What you return should match every record exactly, with the images removed.

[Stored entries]
>>

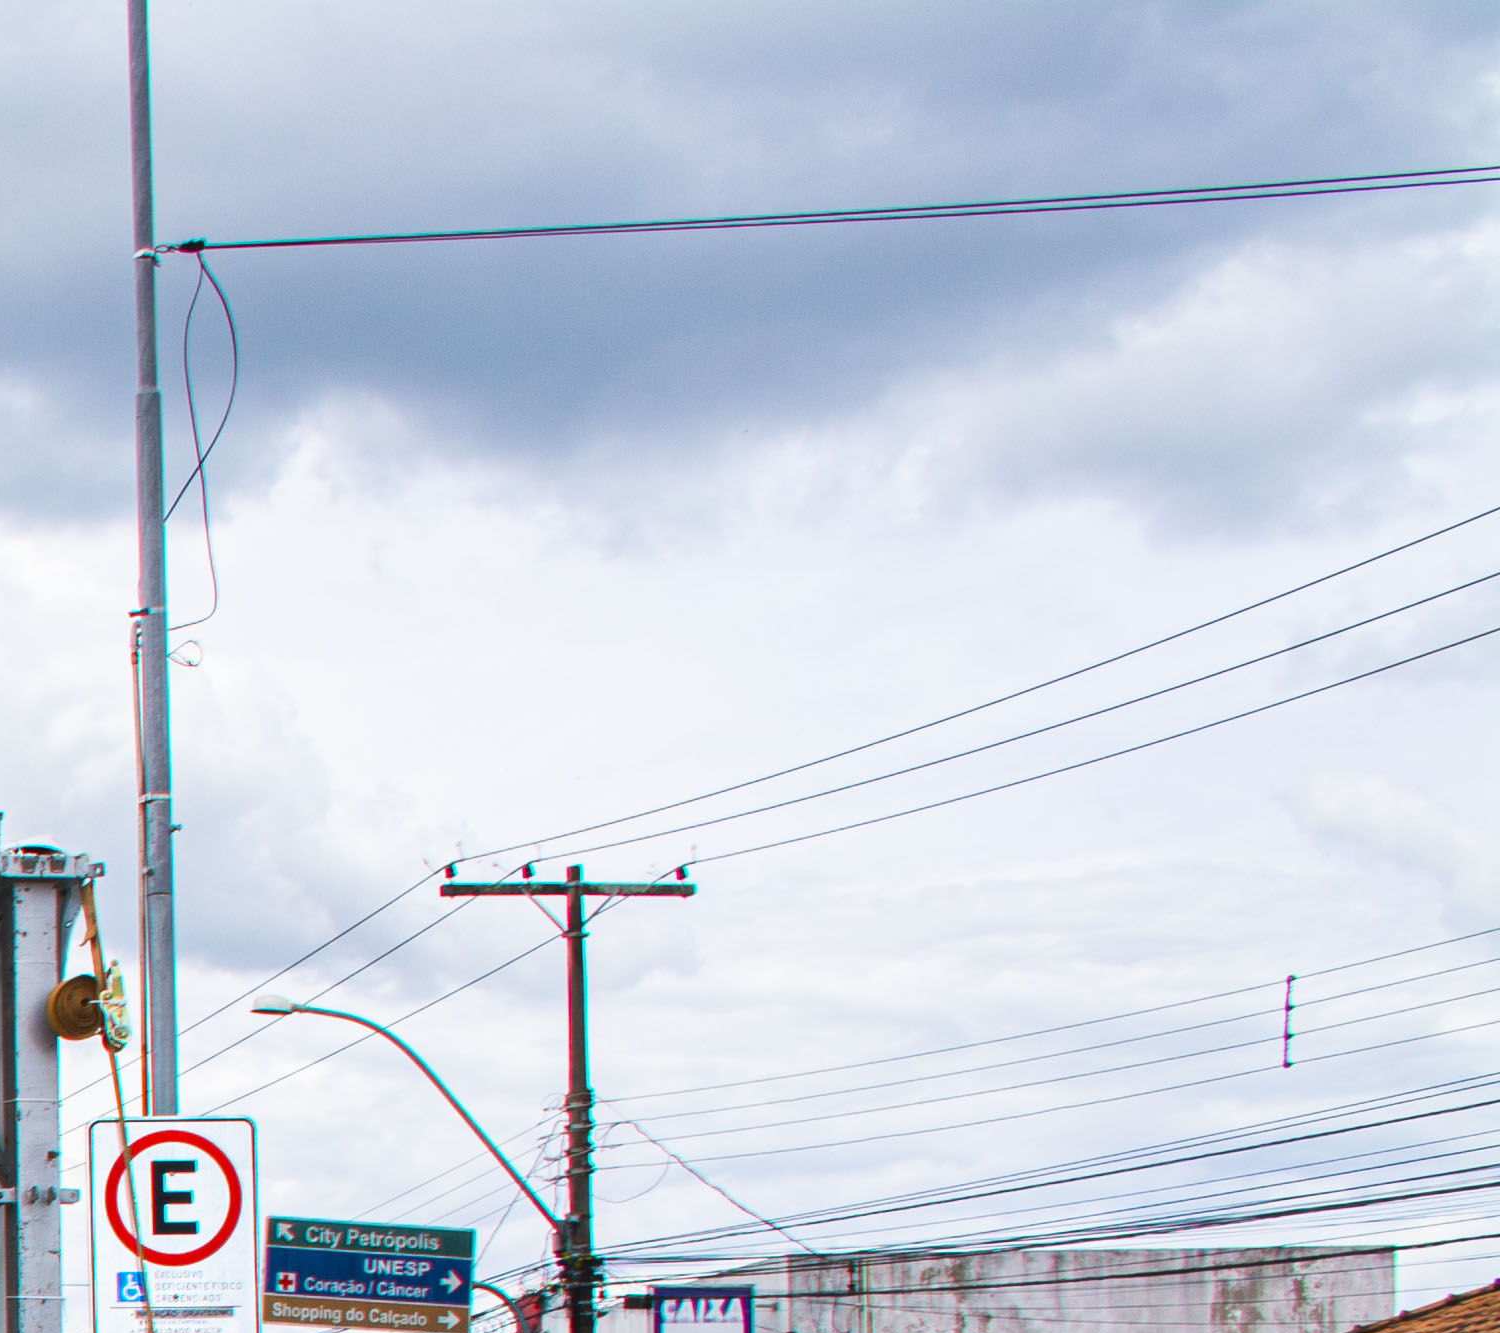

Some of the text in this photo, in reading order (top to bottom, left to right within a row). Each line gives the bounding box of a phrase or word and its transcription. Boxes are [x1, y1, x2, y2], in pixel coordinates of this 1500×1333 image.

[151, 1160, 199, 1235] E
[305, 1225, 440, 1252] City Petrópolis
[154, 1270, 204, 1279] EXCLUSIVO
[363, 1257, 433, 1277] UNESP
[154, 1281, 210, 1291] DEFICIENTE
[303, 1276, 365, 1297] Coração
[376, 1281, 430, 1299] Câncer
[272, 1302, 428, 1328] Shopping do Calçado
[661, 1297, 745, 1323] CAIXA

<<

▶ **TASK OUTPUT**:
Some of the text in this photo, in reading order (top to bottom, left to right within a row). Each line gives the bounding box of a phrase or word and its transcription. Boxes are [x1, y1, x2, y2], in pixel coordinates of this 1500×1333 image.

[151, 1160, 199, 1235] E
[305, 1225, 440, 1252] City Petrópolis
[154, 1270, 204, 1279] EXCLUSIVO
[363, 1257, 433, 1277] UNESP
[154, 1281, 210, 1291] DEFICIENTE
[303, 1276, 365, 1297] Coração
[376, 1281, 430, 1299] Câncer
[272, 1302, 428, 1328] Shopping do Calçado
[661, 1297, 745, 1323] CAIXA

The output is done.